(RECORDS FOR THE EXERCISE):
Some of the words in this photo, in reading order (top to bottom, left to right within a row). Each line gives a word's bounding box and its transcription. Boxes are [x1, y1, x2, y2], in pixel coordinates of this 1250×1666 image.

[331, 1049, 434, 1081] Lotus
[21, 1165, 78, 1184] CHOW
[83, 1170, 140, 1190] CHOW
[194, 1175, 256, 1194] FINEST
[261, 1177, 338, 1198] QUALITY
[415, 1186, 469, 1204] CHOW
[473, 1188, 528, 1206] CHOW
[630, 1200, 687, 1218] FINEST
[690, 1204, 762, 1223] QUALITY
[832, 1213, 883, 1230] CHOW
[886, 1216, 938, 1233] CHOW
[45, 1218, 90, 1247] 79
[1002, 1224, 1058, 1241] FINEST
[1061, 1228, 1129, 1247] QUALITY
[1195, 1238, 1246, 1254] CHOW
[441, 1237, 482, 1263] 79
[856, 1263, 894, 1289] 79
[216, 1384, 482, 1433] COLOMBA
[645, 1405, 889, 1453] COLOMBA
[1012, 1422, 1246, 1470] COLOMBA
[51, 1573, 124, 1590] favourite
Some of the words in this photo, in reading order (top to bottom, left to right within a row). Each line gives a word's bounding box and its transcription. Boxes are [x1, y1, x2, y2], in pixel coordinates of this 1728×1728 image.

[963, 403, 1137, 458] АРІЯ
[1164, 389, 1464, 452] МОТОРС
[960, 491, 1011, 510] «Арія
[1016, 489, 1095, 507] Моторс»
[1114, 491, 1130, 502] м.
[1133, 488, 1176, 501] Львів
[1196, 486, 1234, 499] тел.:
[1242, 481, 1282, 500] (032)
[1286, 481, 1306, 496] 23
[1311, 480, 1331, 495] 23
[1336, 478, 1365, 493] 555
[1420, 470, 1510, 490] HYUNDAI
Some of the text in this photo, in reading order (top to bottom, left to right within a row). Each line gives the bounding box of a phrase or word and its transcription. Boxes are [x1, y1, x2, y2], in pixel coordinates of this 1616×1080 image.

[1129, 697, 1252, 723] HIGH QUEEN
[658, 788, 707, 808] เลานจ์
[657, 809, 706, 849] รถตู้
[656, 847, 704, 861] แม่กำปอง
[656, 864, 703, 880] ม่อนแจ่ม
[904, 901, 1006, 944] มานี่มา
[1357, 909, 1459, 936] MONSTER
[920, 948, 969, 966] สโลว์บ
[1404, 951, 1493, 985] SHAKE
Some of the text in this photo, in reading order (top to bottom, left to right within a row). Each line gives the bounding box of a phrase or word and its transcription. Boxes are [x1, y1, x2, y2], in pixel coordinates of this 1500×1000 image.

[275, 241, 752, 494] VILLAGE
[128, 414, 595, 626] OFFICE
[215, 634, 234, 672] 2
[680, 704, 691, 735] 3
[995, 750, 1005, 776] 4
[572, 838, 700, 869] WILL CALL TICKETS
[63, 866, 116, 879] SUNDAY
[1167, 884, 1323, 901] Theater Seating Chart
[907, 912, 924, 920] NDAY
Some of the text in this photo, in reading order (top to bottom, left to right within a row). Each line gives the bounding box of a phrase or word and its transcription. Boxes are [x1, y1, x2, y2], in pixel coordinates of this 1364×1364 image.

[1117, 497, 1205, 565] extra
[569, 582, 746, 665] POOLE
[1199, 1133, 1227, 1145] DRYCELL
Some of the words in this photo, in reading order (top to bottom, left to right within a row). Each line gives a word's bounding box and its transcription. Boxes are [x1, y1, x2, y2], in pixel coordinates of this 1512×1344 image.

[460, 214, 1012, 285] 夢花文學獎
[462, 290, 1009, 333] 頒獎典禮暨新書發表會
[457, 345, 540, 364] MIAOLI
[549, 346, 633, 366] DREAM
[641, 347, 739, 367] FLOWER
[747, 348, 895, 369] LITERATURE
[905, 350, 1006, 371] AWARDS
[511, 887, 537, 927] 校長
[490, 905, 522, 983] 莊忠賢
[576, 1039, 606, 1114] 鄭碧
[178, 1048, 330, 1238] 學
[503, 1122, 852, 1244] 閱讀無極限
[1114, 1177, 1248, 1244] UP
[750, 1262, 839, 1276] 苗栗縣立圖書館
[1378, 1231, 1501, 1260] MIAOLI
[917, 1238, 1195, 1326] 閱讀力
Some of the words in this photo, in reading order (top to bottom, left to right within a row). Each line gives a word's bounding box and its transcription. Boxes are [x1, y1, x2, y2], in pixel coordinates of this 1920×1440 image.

(ASSIGNMENT):
From the data above, extract every line in its exact form.

(RESPONSE AREA):
Some of the words in this photo, in reading order (top to bottom, left to right within a row). Each line gives a word's bounding box and its transcription. Boxes are [x1, y1, x2, y2], in pixel coordinates of this 1250×1666 image.

[331, 1049, 434, 1081] Lotus
[21, 1165, 78, 1184] CHOW
[83, 1170, 140, 1190] CHOW
[194, 1175, 256, 1194] FINEST
[261, 1177, 338, 1198] QUALITY
[415, 1186, 469, 1204] CHOW
[473, 1188, 528, 1206] CHOW
[630, 1200, 687, 1218] FINEST
[690, 1204, 762, 1223] QUALITY
[832, 1213, 883, 1230] CHOW
[886, 1216, 938, 1233] CHOW
[45, 1218, 90, 1247] 79
[1002, 1224, 1058, 1241] FINEST
[1061, 1228, 1129, 1247] QUALITY
[1195, 1238, 1246, 1254] CHOW
[441, 1237, 482, 1263] 79
[856, 1263, 894, 1289] 79
[216, 1384, 482, 1433] COLOMBA
[645, 1405, 889, 1453] COLOMBA
[1012, 1422, 1246, 1470] COLOMBA
[51, 1573, 124, 1590] favourite
Some of the words in this photo, in reading order (top to bottom, left to right within a row). Each line gives a word's bounding box and its transcription. Boxes are [x1, y1, x2, y2], in pixel coordinates of this 1728×1728 image.

[963, 403, 1137, 458] АРІЯ
[1164, 389, 1464, 452] МОТОРС
[960, 491, 1011, 510] «Арія
[1016, 489, 1095, 507] Моторс»
[1114, 491, 1130, 502] м.
[1133, 488, 1176, 501] Львів
[1196, 486, 1234, 499] тел.:
[1242, 481, 1282, 500] (032)
[1286, 481, 1306, 496] 23
[1311, 480, 1331, 495] 23
[1336, 478, 1365, 493] 555
[1420, 470, 1510, 490] HYUNDAI
Some of the text in this photo, in reading order (top to bottom, left to right within a row). Each line gives the bounding box of a phrase or word and its transcription. Boxes are [x1, y1, x2, y2], in pixel coordinates of this 1616×1080 image.

[1129, 697, 1252, 723] HIGH QUEEN
[658, 788, 707, 808] เลานจ์
[657, 809, 706, 849] รถตู้
[656, 847, 704, 861] แม่กำปอง
[656, 864, 703, 880] ม่อนแจ่ม
[904, 901, 1006, 944] มานี่มา
[1357, 909, 1459, 936] MONSTER
[920, 948, 969, 966] สโลว์บ
[1404, 951, 1493, 985] SHAKE
Some of the text in this photo, in reading order (top to bottom, left to right within a row). Each line gives the bounding box of a phrase or word and its transcription. Boxes are [x1, y1, x2, y2], in pixel coordinates of this 1500×1000 image.

[275, 241, 752, 494] VILLAGE
[128, 414, 595, 626] OFFICE
[215, 634, 234, 672] 2
[680, 704, 691, 735] 3
[995, 750, 1005, 776] 4
[572, 838, 700, 869] WILL CALL TICKETS
[63, 866, 116, 879] SUNDAY
[1167, 884, 1323, 901] Theater Seating Chart
[907, 912, 924, 920] NDAY
Some of the text in this photo, in reading order (top to bottom, left to right within a row). Each line gives the bounding box of a phrase or word and its transcription. Boxes are [x1, y1, x2, y2], in pixel coordinates of this 1364×1364 image.

[1117, 497, 1205, 565] extra
[569, 582, 746, 665] POOLE
[1199, 1133, 1227, 1145] DRYCELL
Some of the words in this photo, in reading order (top to bottom, left to right within a row). Each line gives a word's bounding box and its transcription. Boxes are [x1, y1, x2, y2], in pixel coordinates of this 1512×1344 image.

[460, 214, 1012, 285] 夢花文學獎
[462, 290, 1009, 333] 頒獎典禮暨新書發表會
[457, 345, 540, 364] MIAOLI
[549, 346, 633, 366] DREAM
[641, 347, 739, 367] FLOWER
[747, 348, 895, 369] LITERATURE
[905, 350, 1006, 371] AWARDS
[511, 887, 537, 927] 校長
[490, 905, 522, 983] 莊忠賢
[576, 1039, 606, 1114] 鄭碧
[178, 1048, 330, 1238] 學
[503, 1122, 852, 1244] 閱讀無極限
[1114, 1177, 1248, 1244] UP
[750, 1262, 839, 1276] 苗栗縣立圖書館
[1378, 1231, 1501, 1260] MIAOLI
[917, 1238, 1195, 1326] 閱讀力
Some of the words in this photo, in reading order (top to bottom, left to right within a row). Each line gives a word's bounding box and its transcription. Boxes are [x1, y1, x2, y2], in pixel coordinates of this 1920×1440 image.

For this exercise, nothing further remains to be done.